Habrán visto las imágenes de la sangrienta refriega de Pablo Iglesias contra María Jesús Montero en un salón del Congreso, y habrán coincidido con Cuca Gamarra en que este Gobierno es una ruina. En efecto, la portavoz del PP fue nombrada tras el pacífico defenestramiento de la gentil Cayetana Álvarez de Toledo , que se despidió del cargo con una rueda de prensa en plena calle en la que amistosamente adjudicó todas las cobardías imaginables a la cúpula de los populares, acusada con toda amabilidad de cercenar la libertad de expresión.

La estampa de Iglesias discutiendo contra la otra Montero merece la dimisión, y tal vez la cárcel, del Gobierno en pleno.
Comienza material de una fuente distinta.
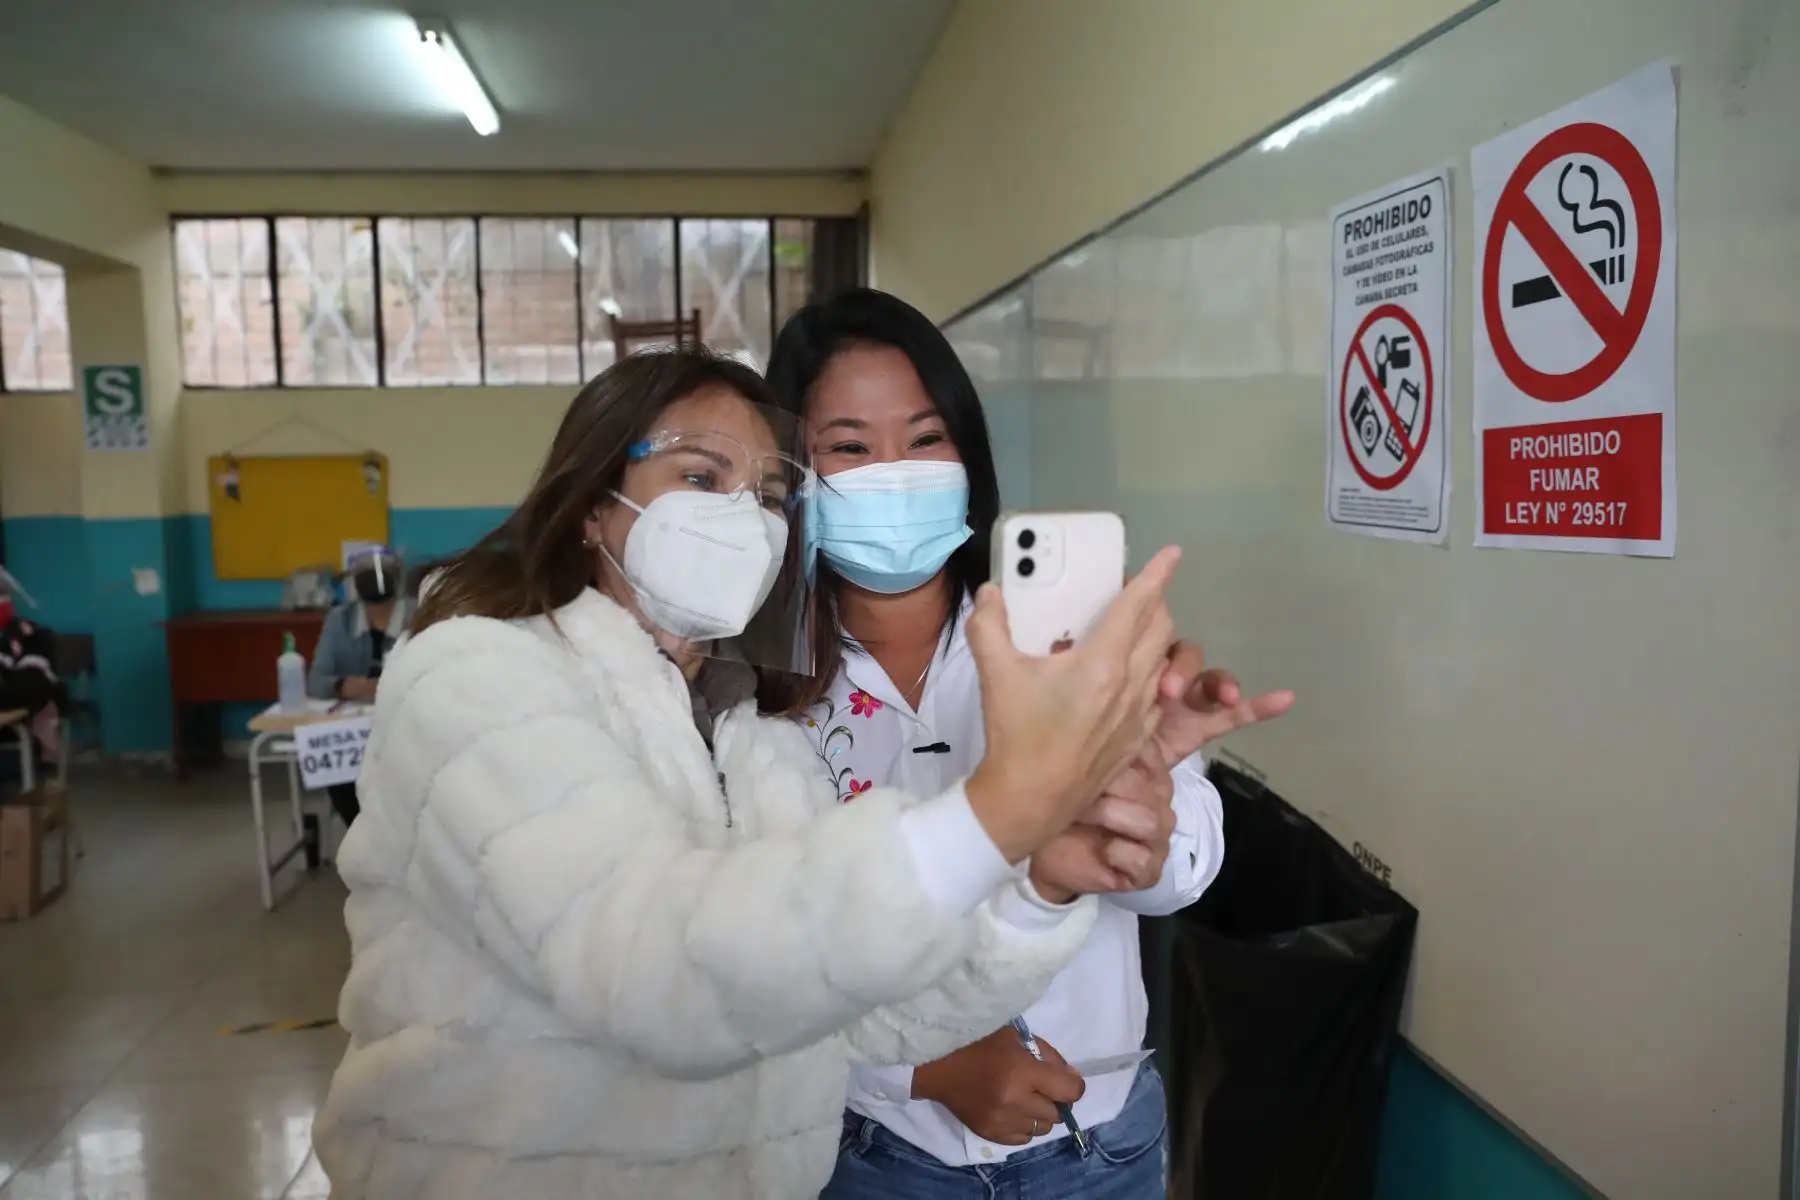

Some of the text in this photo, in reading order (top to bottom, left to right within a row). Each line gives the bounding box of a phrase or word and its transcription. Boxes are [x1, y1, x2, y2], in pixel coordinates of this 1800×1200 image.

Cómo no estallar en ira al comparar estas querellas intestinas con la atmósfera bucólica que reinaba entre Soraya Sáenz de Santamaría y Dolores de Cospedal , tan compenetradas que ni siquiera necesitaban saludarse, además de que se comunicaban a través del pequeño Nicolás y del comisario Villarejo . Y en un artículo con pretensiones de transversalidad, no puede omitirse la armonía reinante en los Gobiernos del presidente González y el vicepresidente Guerra , que se amaban a muerte y estuvieron a punto de demostrarlo.

Iglesias disputando con Montero avergüenza a un país al completo pero, aunque ya nada importe porque no recordamos cómo era la vida antes del coronavirus, hemos de resignarnos a que no volverán los tiempos de gobiernos tan sólidos que Ana Botella de Aznar desterraba a Francisco Álvarez Cascos de La Moncloa por osar divorciarse. Aquello era un país boyante, con Rodrigo Rato timoneando la economía al grito de «los pisos son caros porque alguien los compra».

España se ha de conformar ahora con un Ejecutivo parcheado, que dura un año más de lo pronosticado y sobre todo deseado. Suerte que la crítica dispone de un argumento infalible. En caso de duda, aporrear a Podemos.